Fidelity Bank (Bahamas), in its 2020 annual report, warned: “The road ahead in 2021 and 2022 is expected to remain bumpy, as COVID-19 is ever present with its mutations and varying strains. The bank has observed positive trends in its loan portfolios, with the most significant being a return to normal levels of loans matriculating into the status of non-performing, along with the recommencement of loan payments by borrowers in the tourism sector that were non-performing as of the end of the year.

“Collectively, these trends have contributed to financial performance for the three months ended 31 March, 2021, more comparable to pre-global pandemic levels and projections for the year ended 31 December 2021 of around 75 percent of pre-global pandemic returns from continuing operations, subject to no significant recurrences of the implementation of strategies necessary to curb the spread of health issues that led to the initial sharp contraction of GDP, and furloughs and increases in unemployment, or other unforeseen negative events.”

For 2020, Fidelity Bank (Bahamas) saw its modest $5.172m loan book expansion driven entirely by its $14.375m participation in syndicated lending to the Government, which offset the $9.203m decline in lending for mortgages and consumer loans.

“The experiences of the bank with its mortgage portfolio in prior years due to the lack of significant activity in the domestic real estate market, along with slow increases in employment resulting in limited numbers of potential borrowers qualifying for new mortgage loans, were exacerbated during the current year,” the annual report added. 

“With record levels of unemployment and the general economic uncertainty associated with COVID-19, mortgage lending in The Bahamas came to a virtual standstill as financial institutions, including the bank, focused more on the performance of existing credit facilities and the properties pledged as collateral.

“With increased employment uncertainty being experienced across most sectors of the economy of The Bahamas, the numbers of potential borrowers qualifying for new mortgage loans were even further contracted during the year and are likely to remain as such for the next two to three years, subject to the pace of the recovery of the economy of The Bahamas,” Fidelity Bank (Bahamas) continued. 

“Accordingly, the only significant activities in the mortgage portfolio of the bank during the year were loan amortisations. However there was some realisation, through sales pursuant to powers of sale, of properties pledged as collateral, which combined resulted in a decrease in mortgage loans of $4.915m.

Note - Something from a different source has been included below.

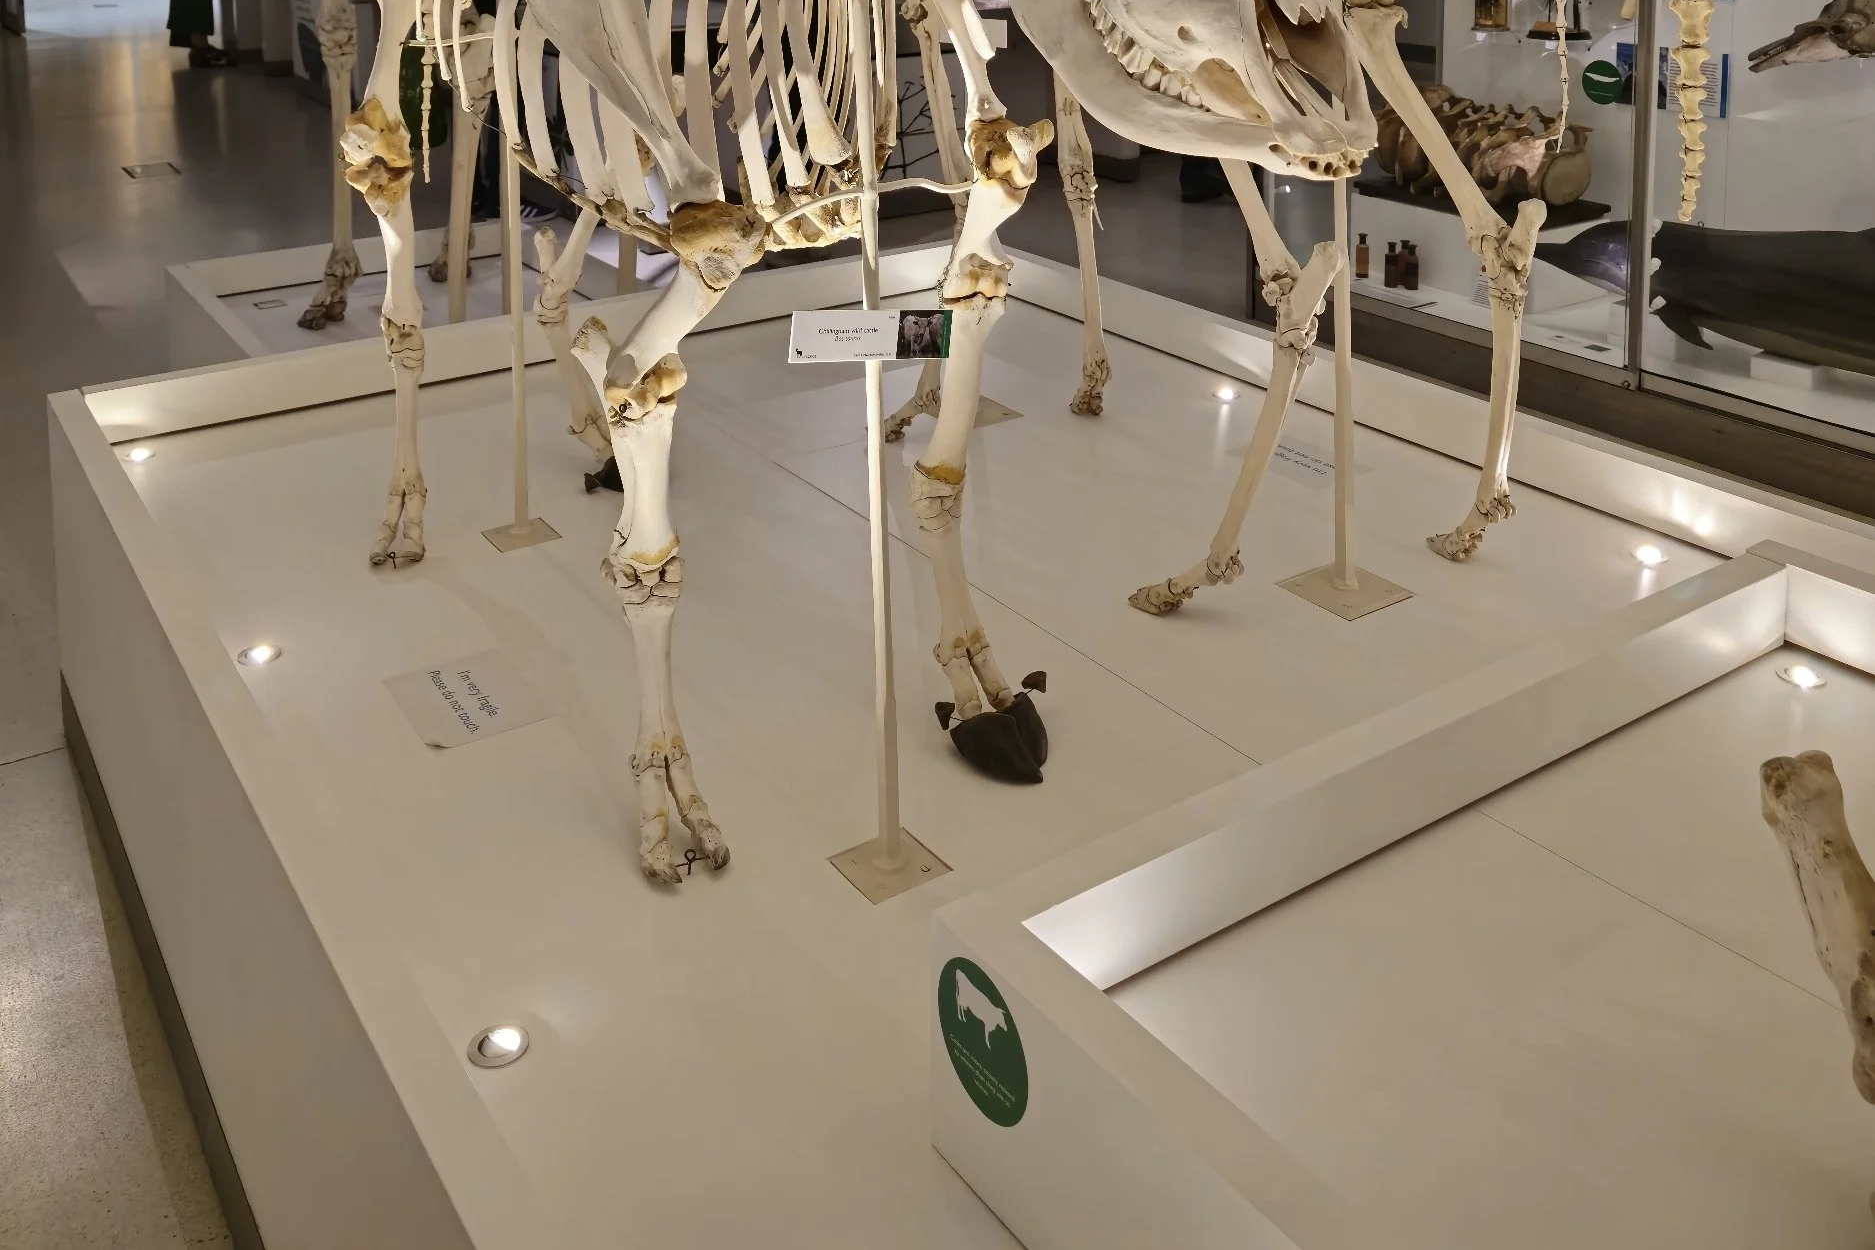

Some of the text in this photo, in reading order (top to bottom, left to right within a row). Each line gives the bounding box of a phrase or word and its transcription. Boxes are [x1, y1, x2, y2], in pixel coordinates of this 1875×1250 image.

[427, 670, 447, 690] Please
[442, 691, 455, 700] do
[449, 700, 464, 713] not
[467, 681, 482, 696] very

“The enhanced efforts initiated in prior years in relation to realising collateral on non-performing mortgage loans, which are complemented by innovative strategies and media in attracting interest for distressed properties, continued with mild success during the year and ultimately contributed to some declines in persistent non-performing loans.”

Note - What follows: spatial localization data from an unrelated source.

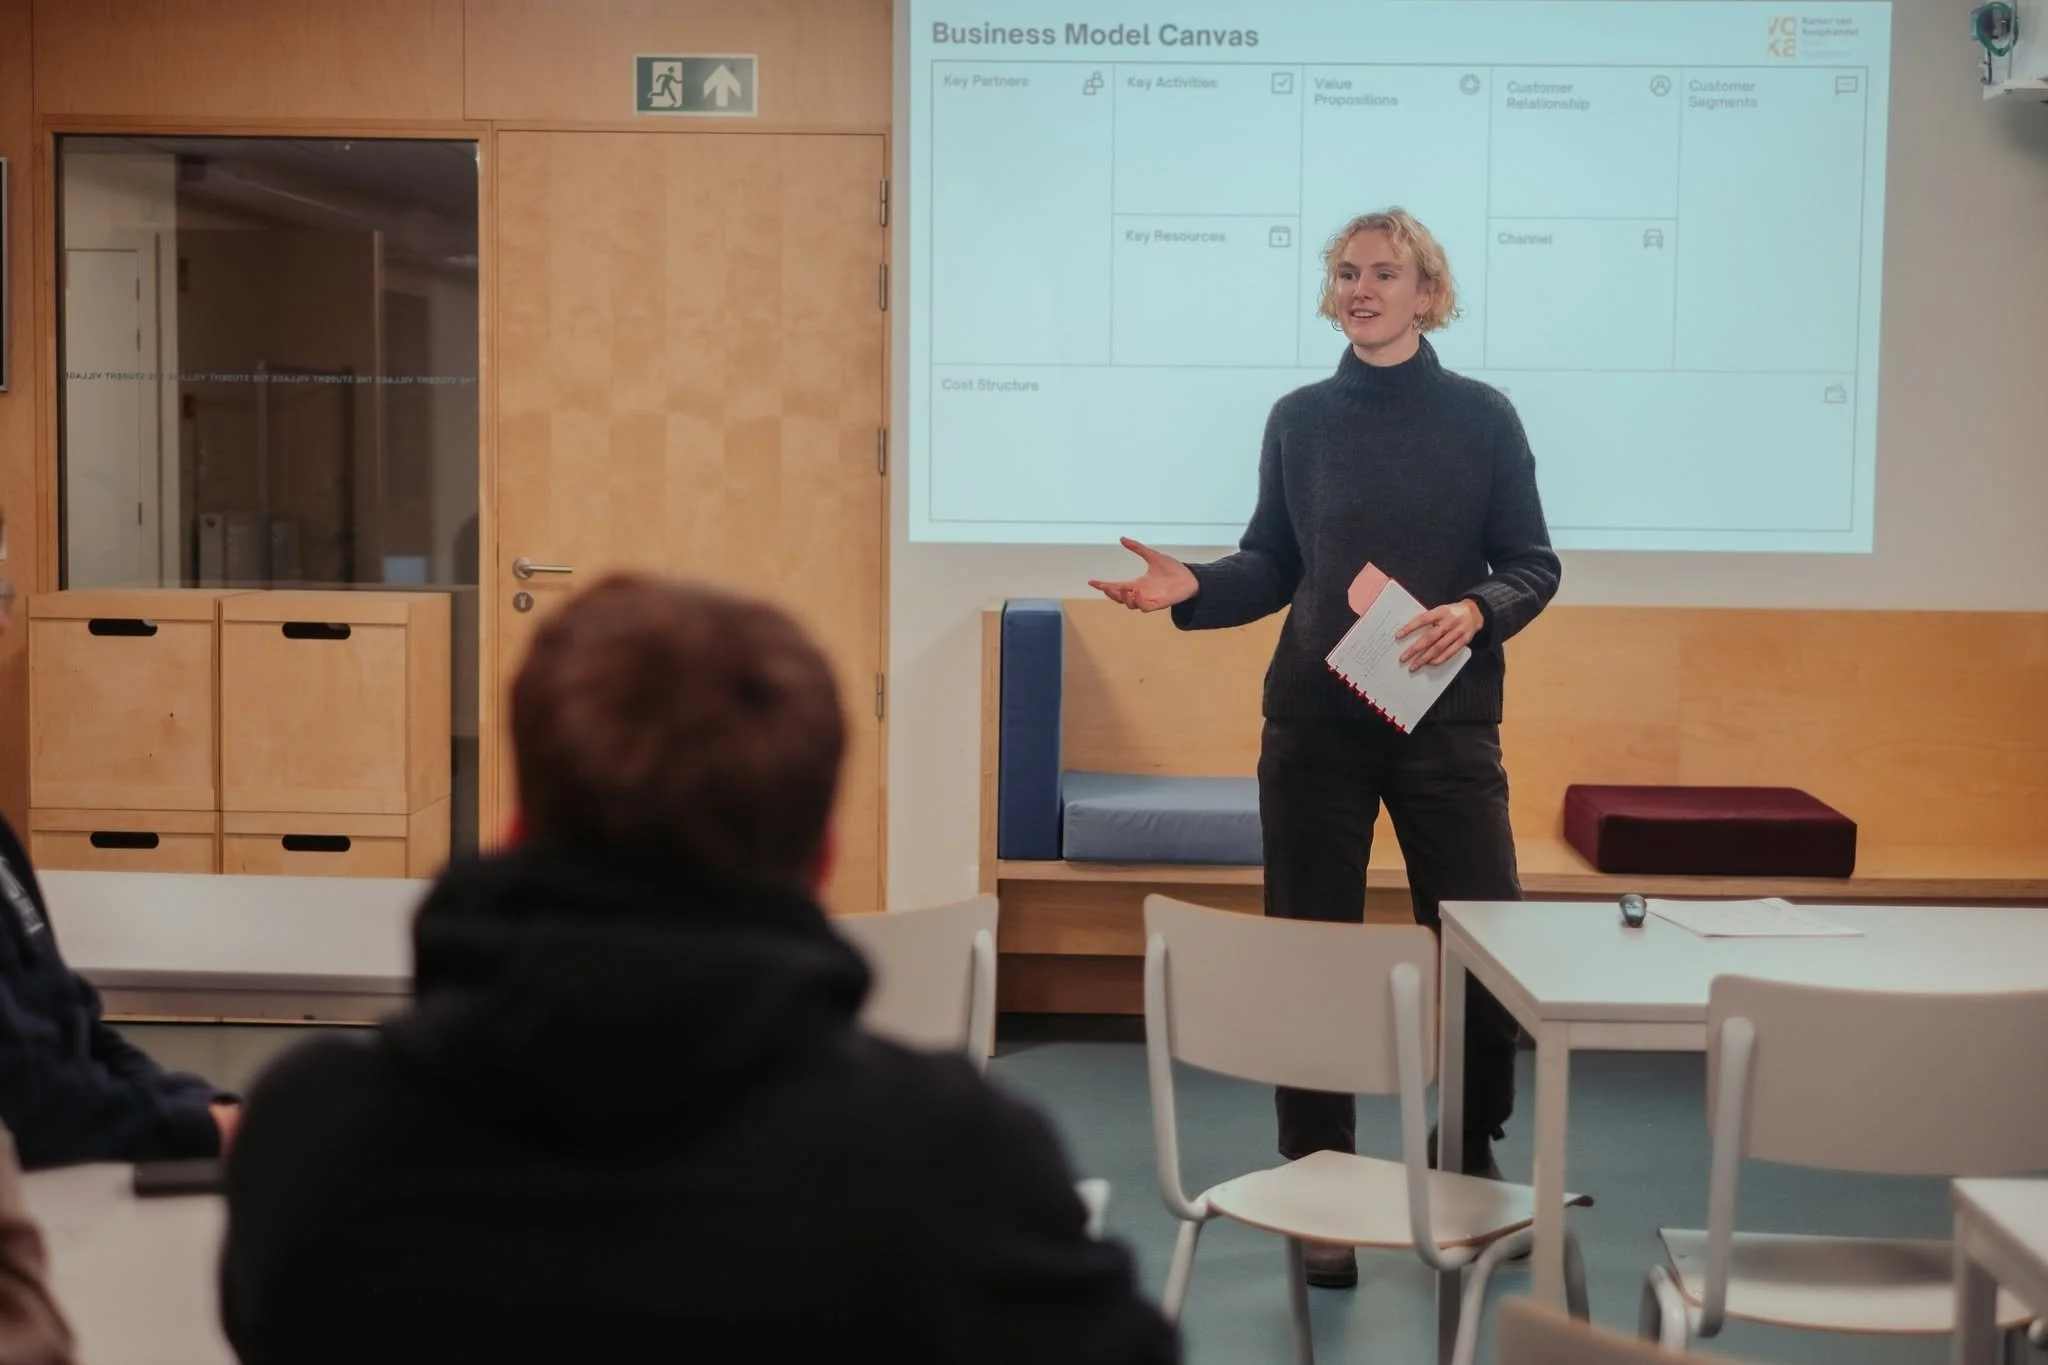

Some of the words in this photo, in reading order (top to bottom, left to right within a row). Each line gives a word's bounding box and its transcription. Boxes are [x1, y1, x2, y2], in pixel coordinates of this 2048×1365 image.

[932, 22, 1057, 45] Business
[1064, 23, 1151, 46] Model
[1159, 24, 1259, 47] Canvas
[943, 75, 968, 89] Key
[973, 75, 1029, 88] Partners
[1127, 77, 1152, 90] Key
[1155, 77, 1218, 89] Activities
[1314, 78, 1352, 90] Value
[1507, 81, 1573, 94] Customer
[1689, 80, 1756, 93] Customer
[1314, 94, 1399, 107] Propositions
[1507, 97, 1590, 111] Relationship
[1689, 96, 1758, 110] Segments
[1125, 230, 1150, 244] Key
[1154, 230, 1226, 243] Resources
[1498, 232, 1553, 245] Channel
[942, 378, 973, 391] Cost
[977, 378, 1039, 392] Structure

Confirming that it will be cautious in underwriting new mortgage loans, Fidelity Bank (Bahamas) added: “Mortgage loans in The Bahamas face structural challenges due to the significant inventory of slow-moving distressed properties.

“Additionally, with The Bahamas geographically located on the hurricane belt, the bank diligently continues to enforce its credit risk management practices of ensuring that properties pledged to the bank are appropriately insured, regardless of the status of the payments by the borrowers.”